10. Juli, 2025

Unternehmen

Zalando im Streikmodus: Warum der Konflikt in Erfurt mehr ist als ein Betriebsproblem

Der dritte Warnstreik im Erfurter Logistikzentrum legt erneut den Finger in die Wunde: Beschäftigte fordern endlich faire Löhne, doch das Management blockt. Gleichzeitig verliert die Zalando-Aktie an Boden.

Zalando im Streikmodus: Warum der Konflikt in Erfurt mehr ist als ein Betriebsproblem
Trotz dreier Warnstreiks verweigert die Zalando-Führung bislang Tarifverhandlungen. Ein bemerkenswerter Kurs, gemessen an den steigenden Umsätzen des Konzerns.

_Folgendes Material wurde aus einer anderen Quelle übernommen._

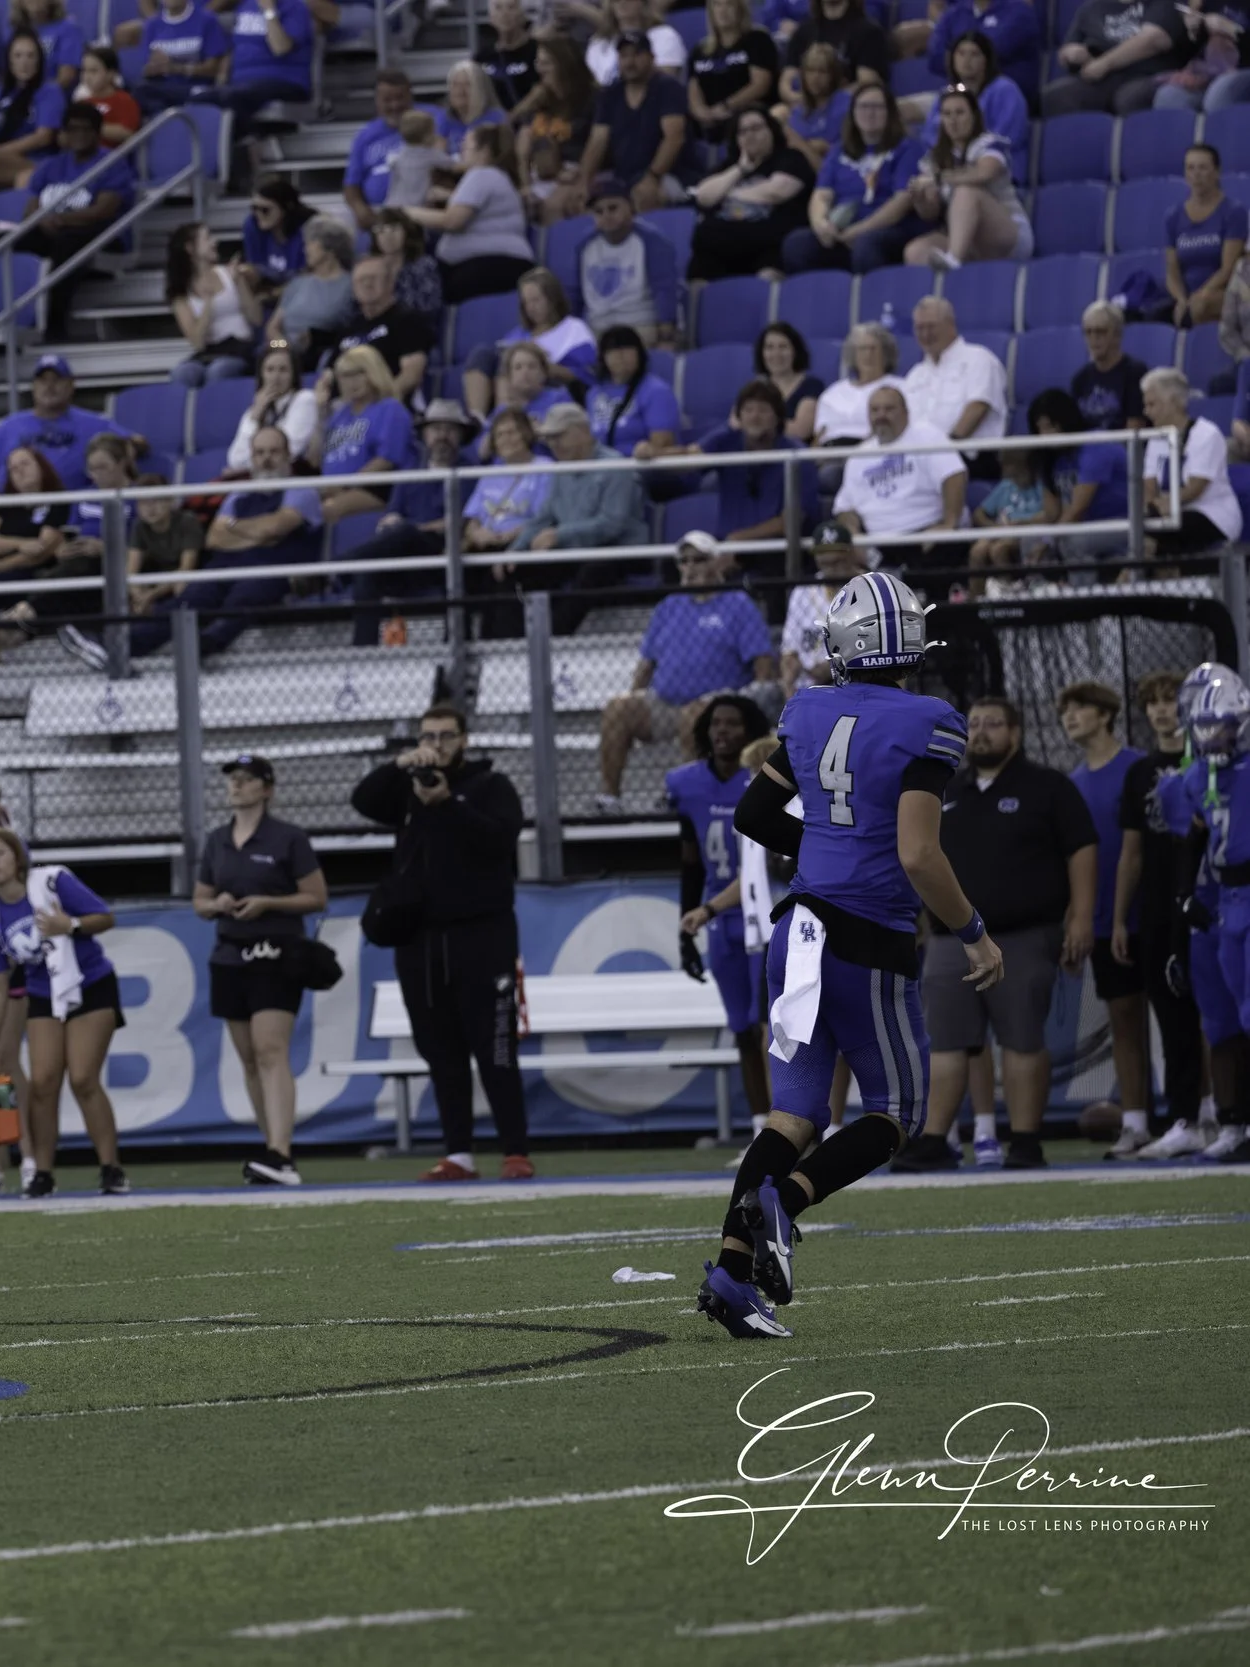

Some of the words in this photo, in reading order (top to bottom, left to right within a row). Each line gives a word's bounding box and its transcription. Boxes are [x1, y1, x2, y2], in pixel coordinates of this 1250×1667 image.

Wer heute früh durch das Industriegebiet von Erfurt fuhr, konnte es kaum übersehen: Transparente, Trillerpfeifen und eine wütende Menge. Seit 6 Uhr stehen sie wieder vor dem Tor – etwa 100 Beschäftigte des Zalando-Logistikzentrums im Warnstreik.

Zum dritten Mal in wenigen Wochen. Und wie bereits im April und Mai lässt die Konzernleitung weiter auf sich warten. Keine Gespräche, keine Verhandlungen.

Flächentarifvertrag oder System Zalando?

Verdi fordert, dass Zalando endlich die Tarifverträge für den Einzel- und Versandhandel in Sachsen, Sachsen-Anhalt und Thüringen anerkennt. Diese sehen rund 15 Prozent höhere Grundlöhne vor – plus Zuschläge, kürzere Arbeitszeiten und eine betriebliche Altersvorsorge.

"Zalando lässt die Beschäftigten auf einem Lohnniveau von vorgestern arbeiten, obwohl der Konzern längst von heute ist", sagt Matthias Adorf von Verdi.

Zalando hingegen schweigt. Auch auf Nachfrage der InvestmentWeek gab es vom Unternehmen keine neue Stellungnahme. In der Vergangenheit hatte Zalando immer wieder betont, man biete „marktgerechte Konditionen“ – was Kritiker als Ausrede interpretieren, um sich tariflicher Bindung zu entziehen.

Etwa 250 Beschäftigte beteiligen sich laut Verdi am jüngsten Streik – ein ungewöhnlich hoher Mobilisierungsgrad für die bisher gewerkschaftlich schwach organisierte Branche.

Gute Zahlen, schlechte Stimmung

Was den Frust der Streikenden noch verstärkt: Zalando geht es wirtschaftlich alles andere als schlecht. Nach schwierigen Jahren hat sich das Unternehmen operativ stabilisiert, die Umsätze wachsen wieder. Doch ein Teil der Belegschaft profitiert davon offenbar kaum. Vor allem in der Logistik klafft die Lohnlücke zur Branche – insbesondere in Ostdeutschland.

Auch deshalb ist der aktuelle Warnstreik mehr als ein lokal begrenzter Arbeitskampf. Es ist ein Lackmustest für Zalando. Will man als moderner Arbeitgeber auftreten und den gesellschaftlichen Wandel mitgestalten? Oder bleibt man beim betriebswirtschaftlich kalten Modell der maximalen Flexibilität ohne soziale Bindung?

Zalando-Aktie unter Druck

An der Börse ist die Stimmung jedenfalls angespannt. Die Zalando-Aktie verliert im Dienstagshandel auf XETRA zeitweise ein Prozent und fällt auf 27,85 Euro. Anleger fragen sich zunehmend, ob die wachsenden sozialen Spannungen nicht langfristig die operativen Erfolge überschatten.